@RowanAmethyst I’m always glad to see you. I was hoping all was well.
I don’t think I actually identify. I was saying this in a different poll…
I fall in love with people. I fall pretty quickly I think…
Some are guys… some are girls…
I don’t really see myself as straight or bi… I just see myself as a person who falls in love a lot.
I know when I was going through my " I want a sex change " thing very strongly I imagined myself as a woman with a man. Nowadays I am not sure. My only sexual encounters have been with a woman but I’ve looked at gay magazines in the past . What I do know is that gay/straight/bisexual I am not keen on being the dominant partner.
Re this question I wonder if for some sexuality fluctuates inside or outside a psychotic episode.
I do know I fall in love a lot more when I’m having a manic hit…
when I’m crashed and wax covered… I’m more nonsexual… I don’t see myself attracted to anyone for anything.
Same here. 1515
Fluidity is the word.
My sexuality changes depending on whose around and what’s said to me. Typically collapsing to a more monosexual state where I don’t have access to the other.
That’s why I don’t care to identify.
Try explaining that to someone who thinks there are just straight/gay people. I’m not necessarily bi, I know why someone would be. Blah blah blah. I could try to sort this out all day and it still wouldn’t make sense.
My hallucinations are always telling me what state I’m in. They won’t stop so I really can’t settle out.
It’s when I get depressed though that’s when I quit fighting.
I went through an awkward hetero-curious phase in my youth.
I know what I feel around certain girls is the most genuine and wholesome ■■■■ I know.
I tried coming out as bi just so I could quit thinking about it. They stuffed me back in the closet as quickly as they could.
Let me be free from this.
I was just wondering what people thought of polyamorous relationships…
My husband and I were in one for about a year. It was both good and bad.

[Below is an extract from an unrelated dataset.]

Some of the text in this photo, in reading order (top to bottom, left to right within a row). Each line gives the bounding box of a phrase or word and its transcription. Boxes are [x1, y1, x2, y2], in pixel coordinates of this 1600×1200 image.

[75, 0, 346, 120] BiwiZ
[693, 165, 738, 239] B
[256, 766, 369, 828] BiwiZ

Is that like open relationships?
I have a feeling something like this is developing in my life.
I love both people involved…
just trying to figure myself out.
Well, as laid back as you seem to be, it might work for you, but, it’s difficult to divide your attention. If you, or any of your partners have even a shred of jealousy, it can ne rough. Just remember that everyone needs to be VERY honest about their feelings and desires.
It’s an odd feeling…
The girl I’m dating came into my life as a friend about the same time my oldest best friend came back into my life… the three of us have been friends and just sort of becoming the three musketeers…

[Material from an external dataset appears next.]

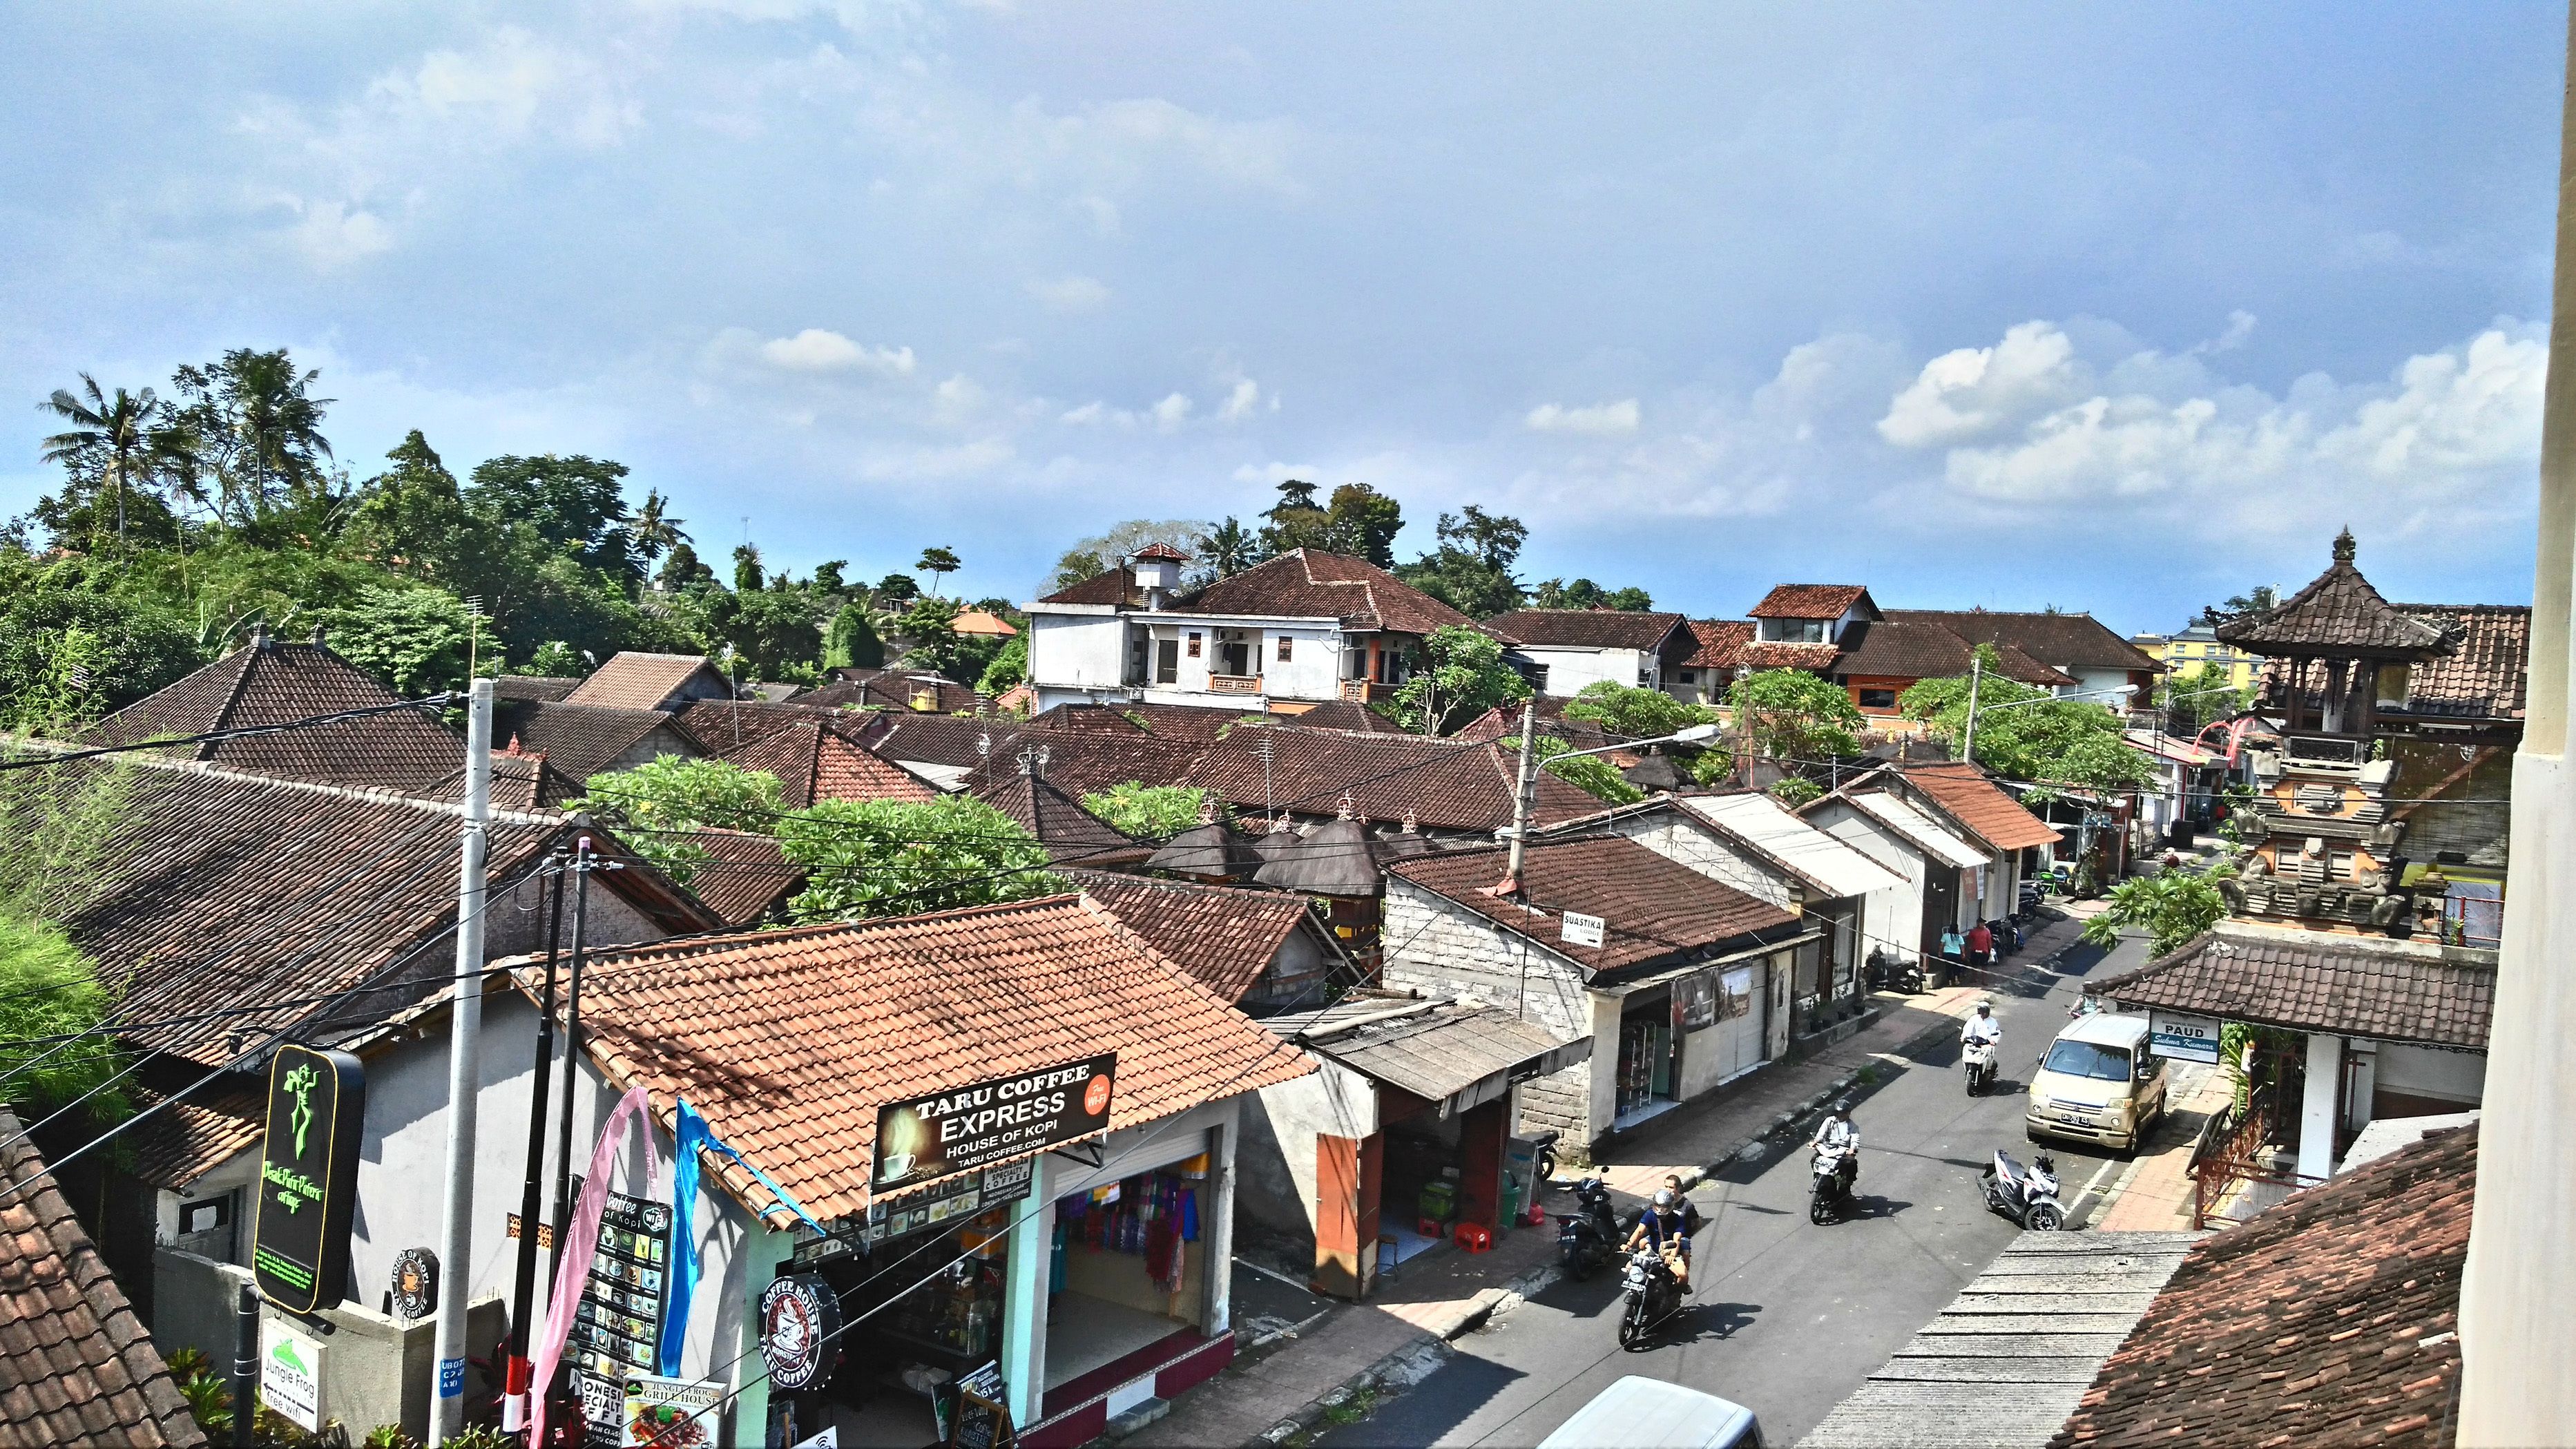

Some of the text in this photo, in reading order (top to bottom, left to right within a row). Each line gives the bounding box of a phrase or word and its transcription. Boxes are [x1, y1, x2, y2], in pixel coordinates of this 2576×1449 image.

There is a lot of feeling happening… so far it’s very positive. My oldest friend has had some crisis in his life… my girlfriend is also healing from a traumatic past.
The three of us have been developing a very close bond… I love having both of them in my life.
I know it’s confusing… I know not a lot of people approve of the idea… I know it’s very unusual… but my life feels better with them both.
How would you feel if your girlfriend had relations with you other friend?
The three of us have talked… and so far… if it happened… oddly enough… I’d be Ok with it… When I think of it… I don’t seem to feel upset or agitated… I feel Ok.
It’s a slow moving development… very uncharted waters for all three of us.
That’s good to hear. My difficulty was that I was not okay with Aaron sleeping with Lauren or Lauren sleeping with me. It had to be Aaron with me, or a threesome.
Granted, I was in full blown psychosis when this relationship played out. I really needed Aaron.
I’m trying to figure if this is healthy… or if I’m slipping… I know I get pretty carried away when I get manic… but I’ve been on mood stabilizers and not feeling that euphoric.
I have some deep feelings for them both… Chris (oldest friend) we had some encounters back when we were teens… Sindy is pretty open and laid back as well… and Sindy and Chris have been helping each other through some dark times too.
love them both… lots to figure out.
It’s hard to tell, it really is… I still have a lot of deep seated questions and feelings about that whole ordeal, but, I wouldn’t want to lose that experience.